* _Instructions to follow_: Only the pictures stay out; please return all the entries below exactly as written.

* _Data extract_:
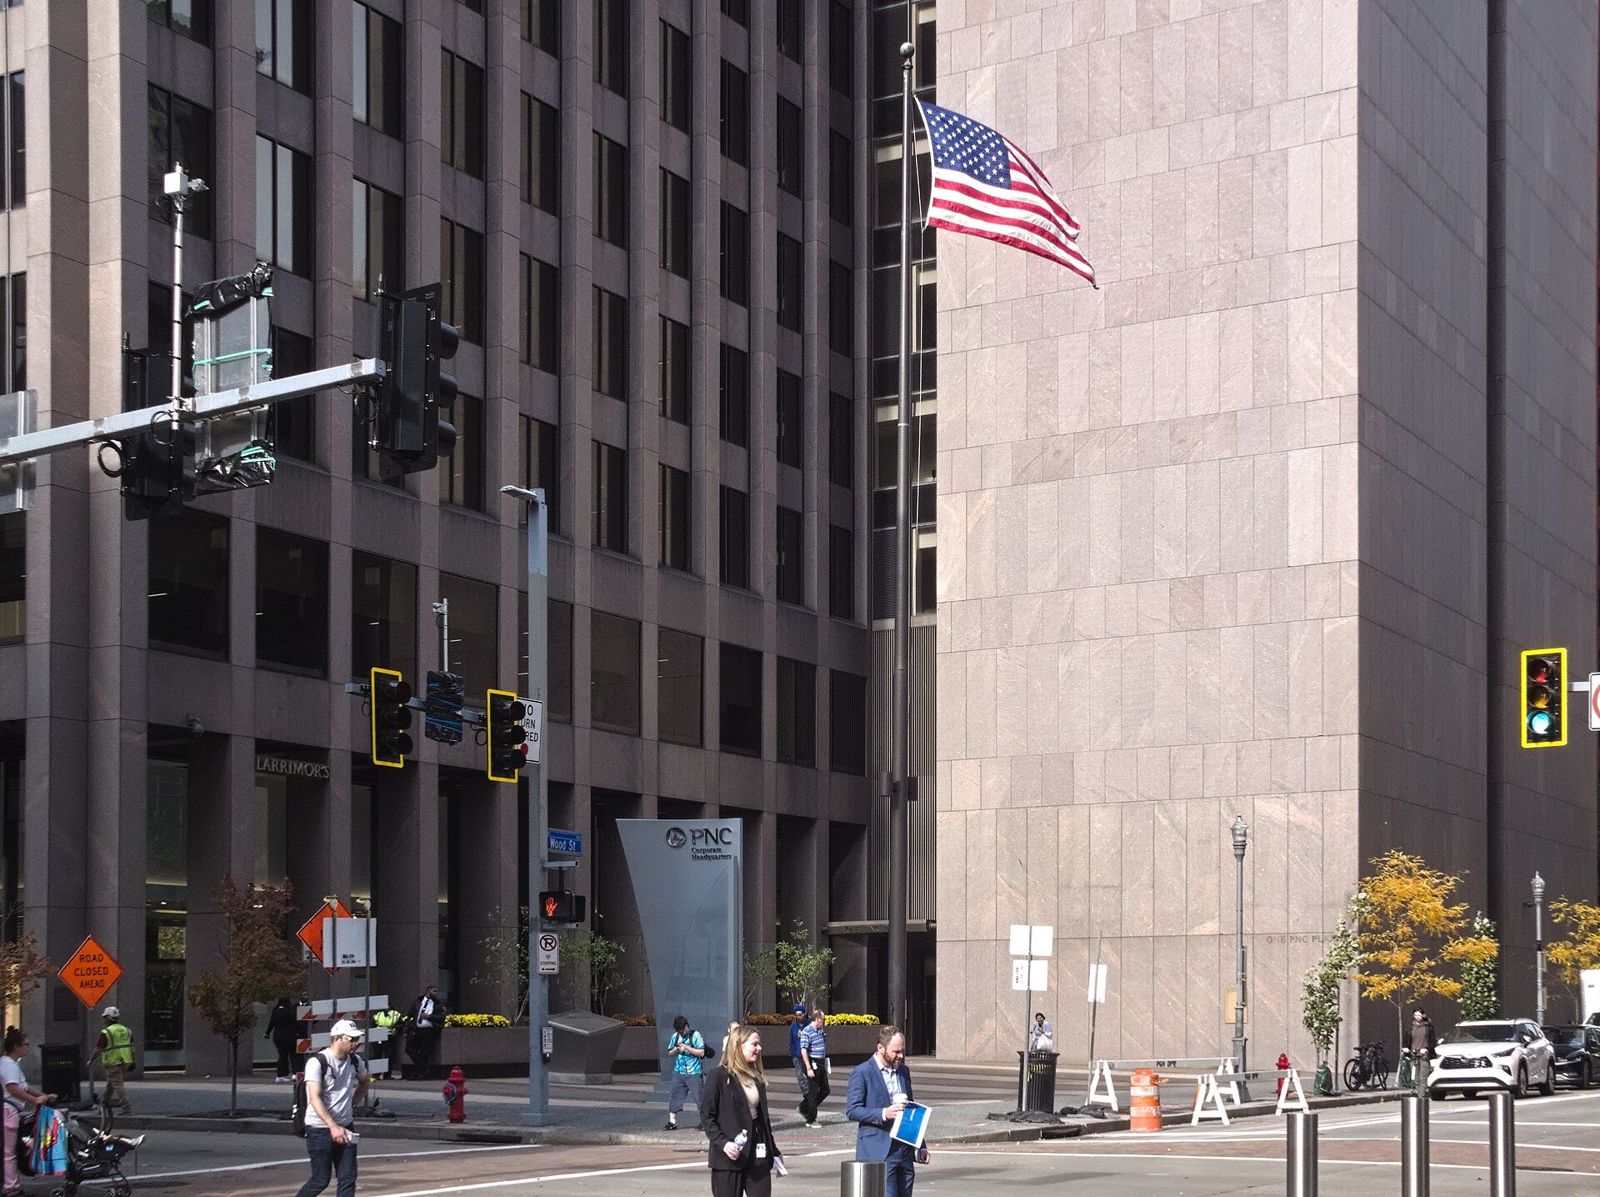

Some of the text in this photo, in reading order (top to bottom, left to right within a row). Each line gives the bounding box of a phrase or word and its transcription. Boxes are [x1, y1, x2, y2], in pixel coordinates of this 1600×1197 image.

[520, 719, 536, 729] URN
[689, 827, 732, 846] PNC
[550, 837, 577, 851] Wood St
[1265, 936, 1286, 944] ONE
[1289, 936, 1309, 944] PNC
[79, 953, 104, 963] ROAD
[74, 966, 109, 977] CLOSED
[80, 979, 105, 989] AHEAD
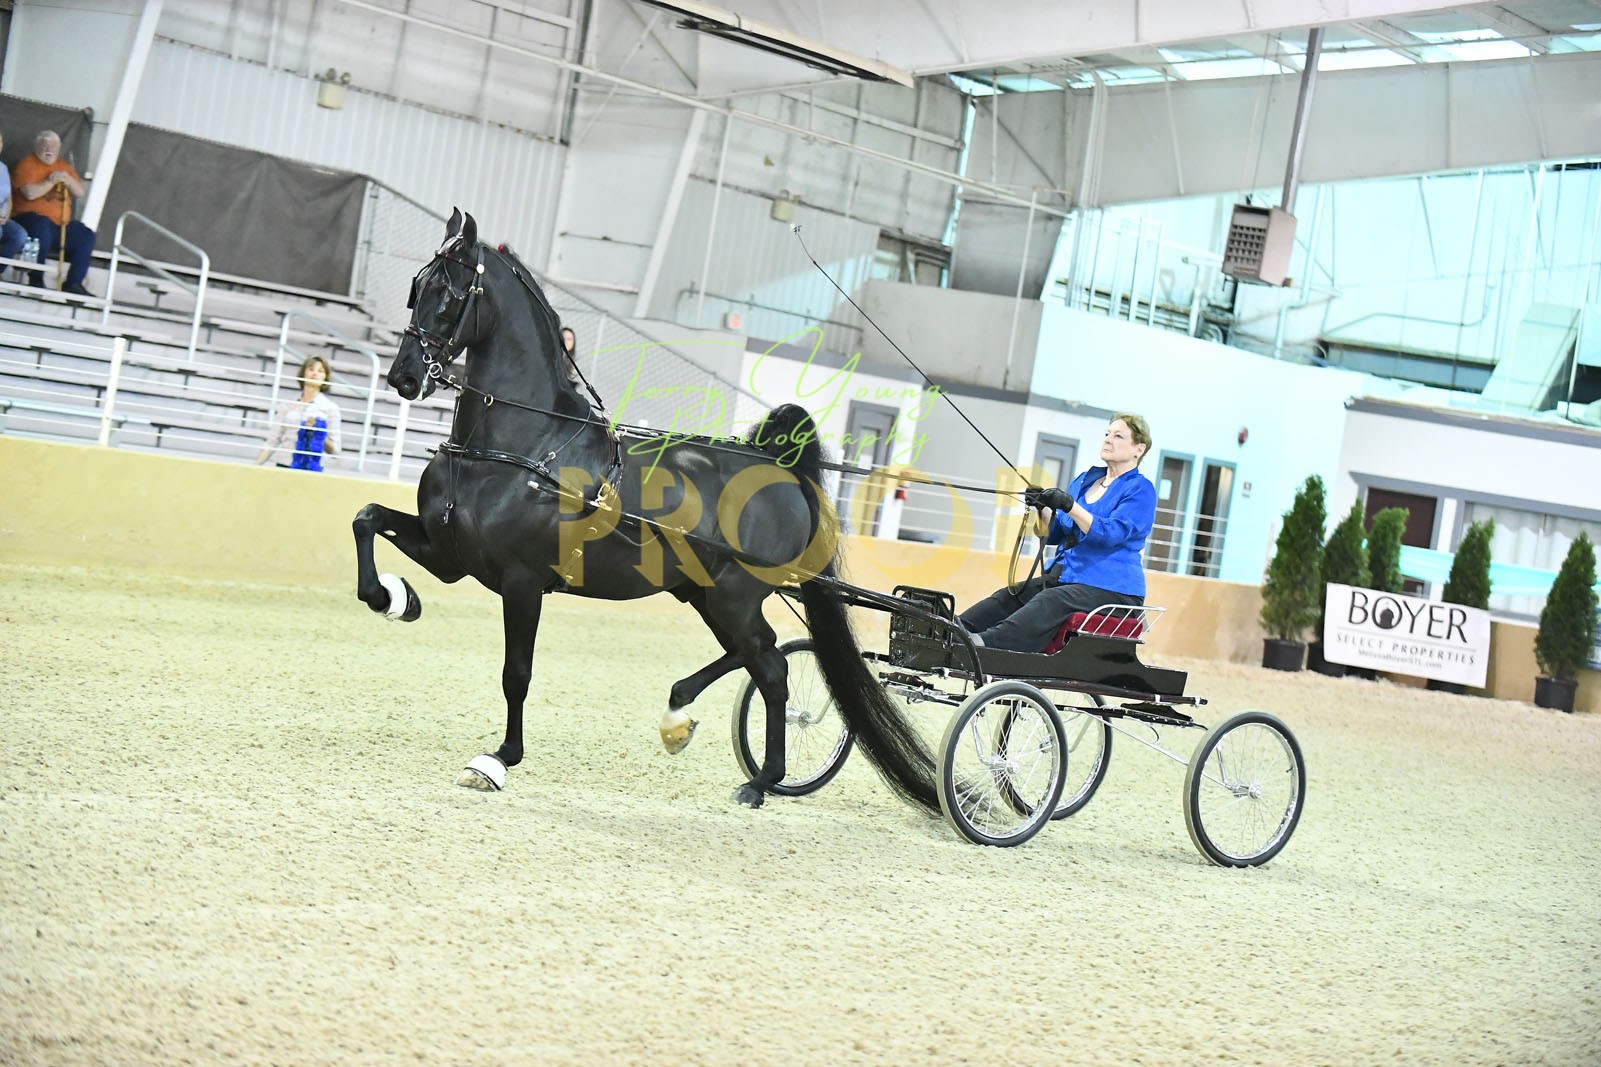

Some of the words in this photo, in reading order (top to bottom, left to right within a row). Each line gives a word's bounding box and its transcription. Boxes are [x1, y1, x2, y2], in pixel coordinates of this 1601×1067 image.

[1348, 591, 1468, 643] BOYER
[1337, 633, 1384, 648] SELECT
[1392, 642, 1476, 665] PROPERTIES
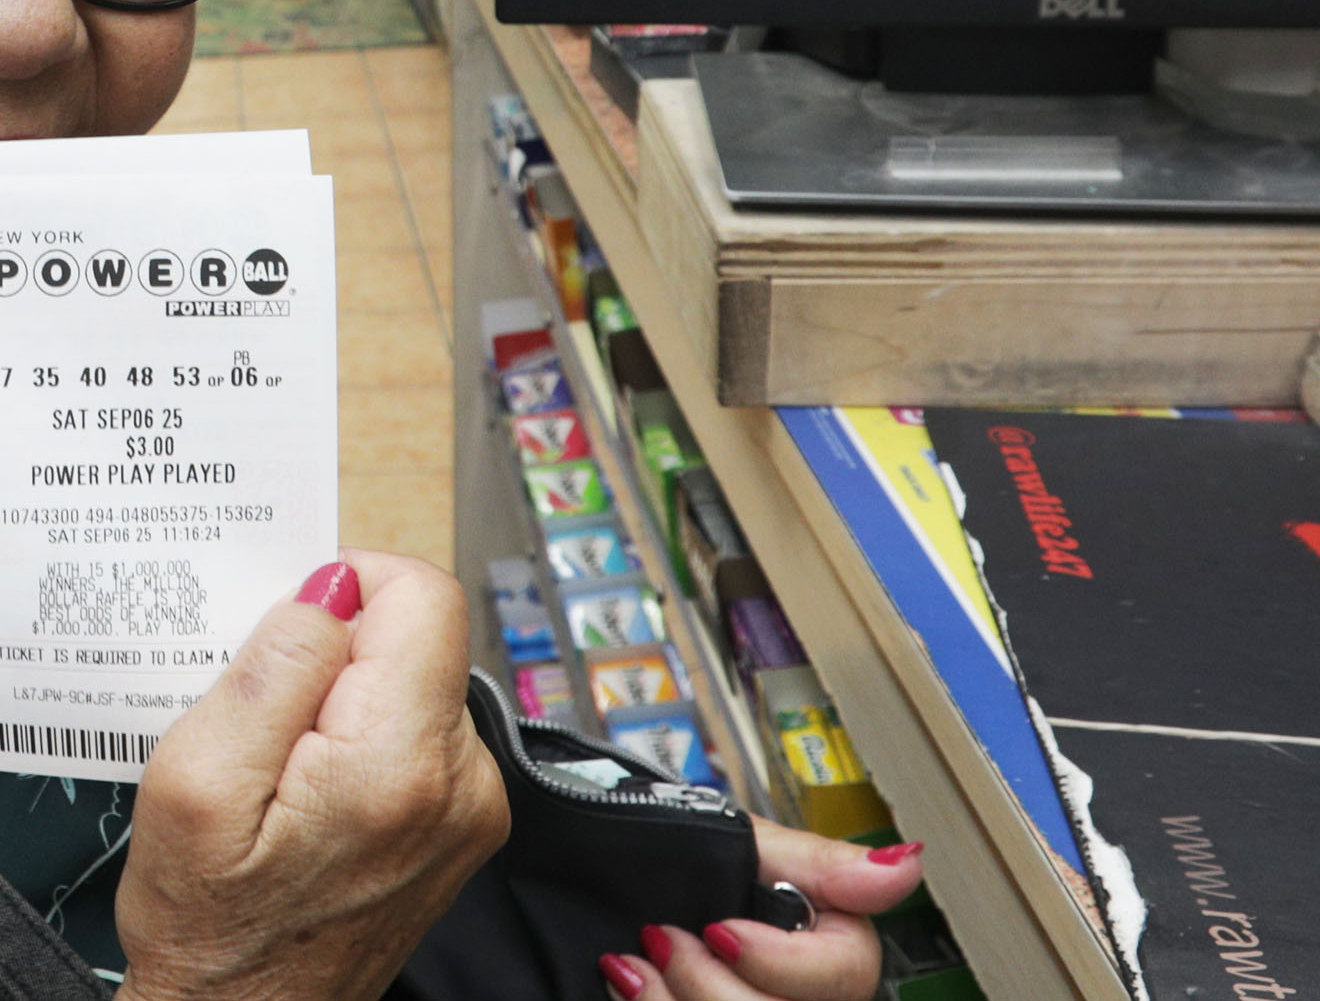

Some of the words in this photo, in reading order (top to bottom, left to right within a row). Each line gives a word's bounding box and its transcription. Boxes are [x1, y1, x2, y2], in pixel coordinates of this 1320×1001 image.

[32, 230, 84, 244] YORK
[234, 350, 250, 366] PB
[33, 367, 60, 388] 35
[80, 367, 107, 388] 40
[127, 367, 154, 387] 48
[173, 367, 200, 387] 53
[231, 367, 258, 387] 06
[52, 408, 89, 430] SAT
[97, 408, 154, 430] SEP06
[162, 408, 183, 429] 25
[126, 435, 174, 459] $3.00
[31, 464, 100, 486] POWER
[108, 464, 155, 485] PLAY
[163, 463, 236, 484] PLAYED
[2, 508, 79, 526] 10743300
[48, 528, 78, 545] SAT
[84, 528, 130, 544] SEP06
[136, 527, 152, 543] 25
[163, 526, 222, 543] 11:16:24
[47, 562, 80, 579] WITH
[89, 561, 105, 577] 15
[113, 575, 136, 592] THE
[144, 575, 200, 591] MILLION
[39, 591, 88, 607] DOLLAR
[96, 591, 144, 607] RAFFLE
[153, 590, 169, 606] IS
[177, 589, 208, 606] YOUR
[40, 606, 71, 622] BEST
[80, 606, 112, 622] ODDS
[120, 606, 135, 621] OF
[144, 605, 201, 621] WINNING
[129, 621, 161, 636] PLAY
[53, 647, 69, 664] IS
[75, 648, 142, 666] REQUIRED
[150, 649, 166, 665] TO
[173, 649, 215, 666] CLAIM
[221, 648, 231, 665] A
[1160, 815, 1297, 1001] www.rawt

* _Response to this exercise_:
Some of the text in this photo, in reading order (top to bottom, left to right within a row). Each line gives the bounding box of a phrase or word and its transcription. Boxes are [x1, y1, x2, y2], in pixel coordinates of this 1600×1197 image.

[520, 719, 536, 729] URN
[689, 827, 732, 846] PNC
[550, 837, 577, 851] Wood St
[1265, 936, 1286, 944] ONE
[1289, 936, 1309, 944] PNC
[79, 953, 104, 963] ROAD
[74, 966, 109, 977] CLOSED
[80, 979, 105, 989] AHEAD

Some of the words in this photo, in reading order (top to bottom, left to right within a row). Each line gives a word's bounding box and its transcription. Boxes are [x1, y1, x2, y2], in pixel coordinates of this 1601×1067 image.

[1348, 591, 1468, 643] BOYER
[1337, 633, 1384, 648] SELECT
[1392, 642, 1476, 665] PROPERTIES

Some of the words in this photo, in reading order (top to bottom, left to right within a row). Each line gives a word's bounding box and its transcription. Boxes are [x1, y1, x2, y2], in pixel coordinates of this 1320×1001 image.

[32, 230, 84, 244] YORK
[234, 350, 250, 366] PB
[33, 367, 60, 388] 35
[80, 367, 107, 388] 40
[127, 367, 154, 387] 48
[173, 367, 200, 387] 53
[231, 367, 258, 387] 06
[52, 408, 89, 430] SAT
[97, 408, 154, 430] SEP06
[162, 408, 183, 429] 25
[126, 435, 174, 459] $3.00
[31, 464, 100, 486] POWER
[108, 464, 155, 485] PLAY
[163, 463, 236, 484] PLAYED
[2, 508, 79, 526] 10743300
[48, 528, 78, 545] SAT
[84, 528, 130, 544] SEP06
[136, 527, 152, 543] 25
[163, 526, 222, 543] 11:16:24
[47, 562, 80, 579] WITH
[89, 561, 105, 577] 15
[113, 575, 136, 592] THE
[144, 575, 200, 591] MILLION
[39, 591, 88, 607] DOLLAR
[96, 591, 144, 607] RAFFLE
[153, 590, 169, 606] IS
[177, 589, 208, 606] YOUR
[40, 606, 71, 622] BEST
[80, 606, 112, 622] ODDS
[120, 606, 135, 621] OF
[144, 605, 201, 621] WINNING
[129, 621, 161, 636] PLAY
[53, 647, 69, 664] IS
[75, 648, 142, 666] REQUIRED
[150, 649, 166, 665] TO
[173, 649, 215, 666] CLAIM
[221, 648, 231, 665] A
[1160, 815, 1297, 1001] www.rawt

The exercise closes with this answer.